Sako said the flow of people at the stadium had caused a "very large crush" and that "in the crush, people were walked over and suffocated by the crowd".

Officials said around 50,000 people had gathered for the fireworks.

Witnesses said the stampede had broken out after the fireworks ended, though the cause remains unclear. It erupted near the stadium's main entrance, where security had set up tree trunks as crowd control barriers.

According to a police source, the crush occurred when two streams of spectators going in opposite directions crossed paths.

A security source added that rescue services "took some time to arrive".

Interior Minister Hamed Bakayoko said the "exact circumstances" of the tragedy are "under investigation by the security services".

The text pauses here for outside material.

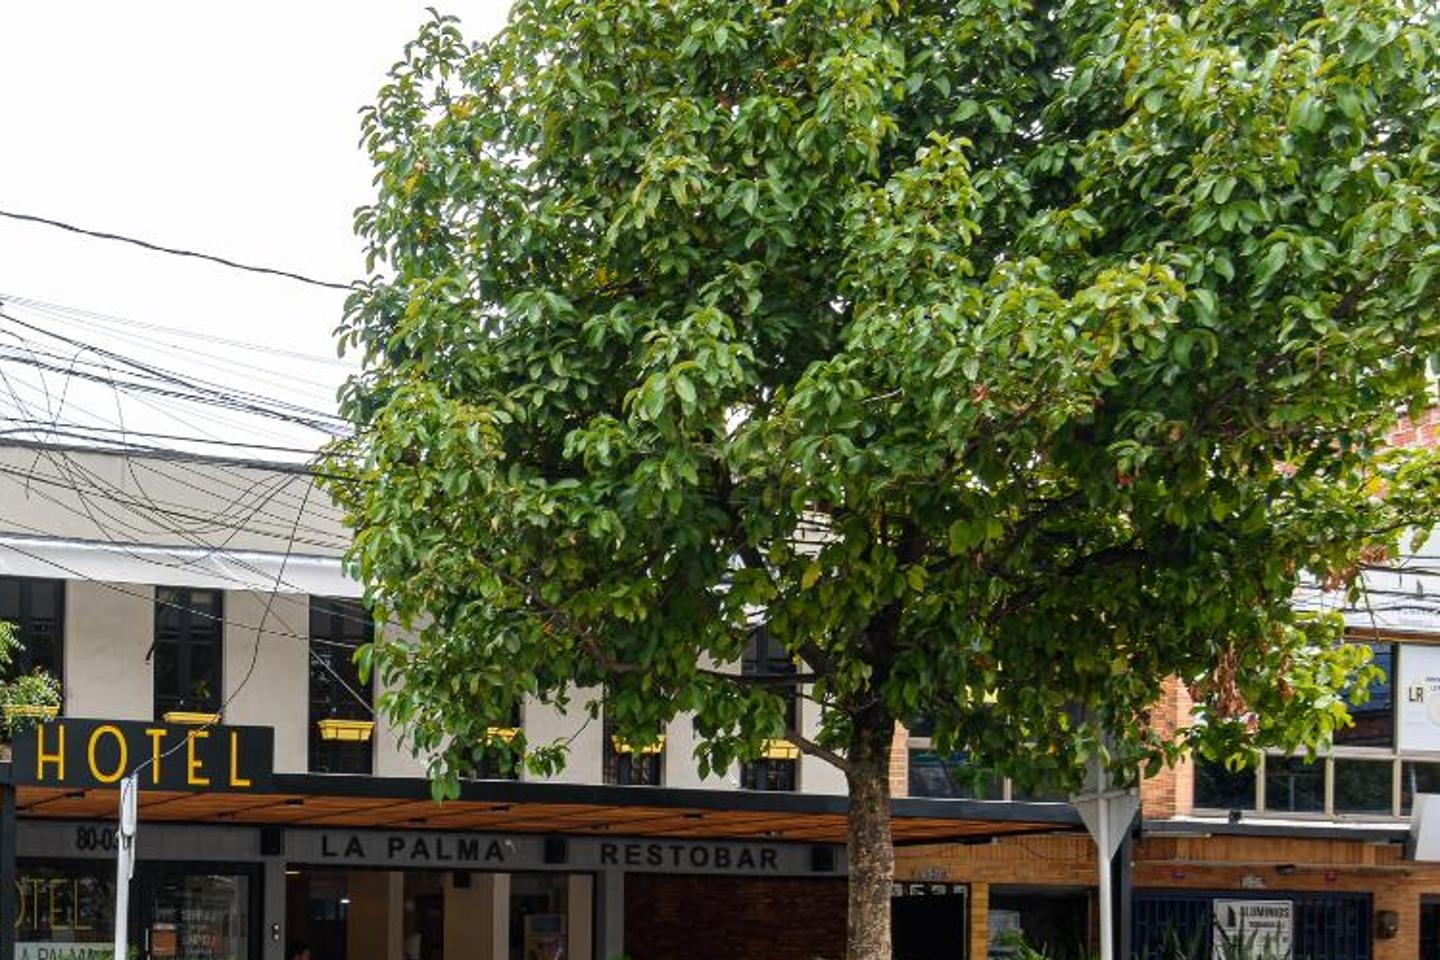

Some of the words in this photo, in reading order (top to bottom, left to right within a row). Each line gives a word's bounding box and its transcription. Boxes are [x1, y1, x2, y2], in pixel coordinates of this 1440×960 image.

Visibly shaken children were among the roughly 40 wounded taken to a hospital in the wealthy neighbourhood of Cocody, in the north of the economic capital.

A mother named Zeinab who had taken two of her children to the stadium found one of them in the hospital, a small boy who lay on a bed in a groggy state.

Zeinab said she "hurt all over" and showed a journalist the scratches on her body.

"I don't know what happened but I found myself lying on the ground with people stepping on me, pulling my hair or tearing my clothes," she said.

She said she had been knocked unconscious and that a young man had pulled her from the crowd.

The New Year's fireworks, the city's second in two years, had been touted as a symbol of national renewal under Ouattara after a violent post-election crisis that tore the country apart from December 2010 to April 2011, killing some 3,000 people.

The unrest began after Ouattara's long-time rival and former iron-fisted ruler Laurent Gbagbo refused to step down.

He was later arrested by forces loyal to Ouattara, with UN and French military backing, and transferred to the International Criminal Court in The Hague, where he is accused of crimes against humanity.

Though the troubled west African nation -- the world's top cocoa producer -- is still recovering from the political and military crisis, Ouattara had struck a note of optimism in a New Year's message on Monday evening.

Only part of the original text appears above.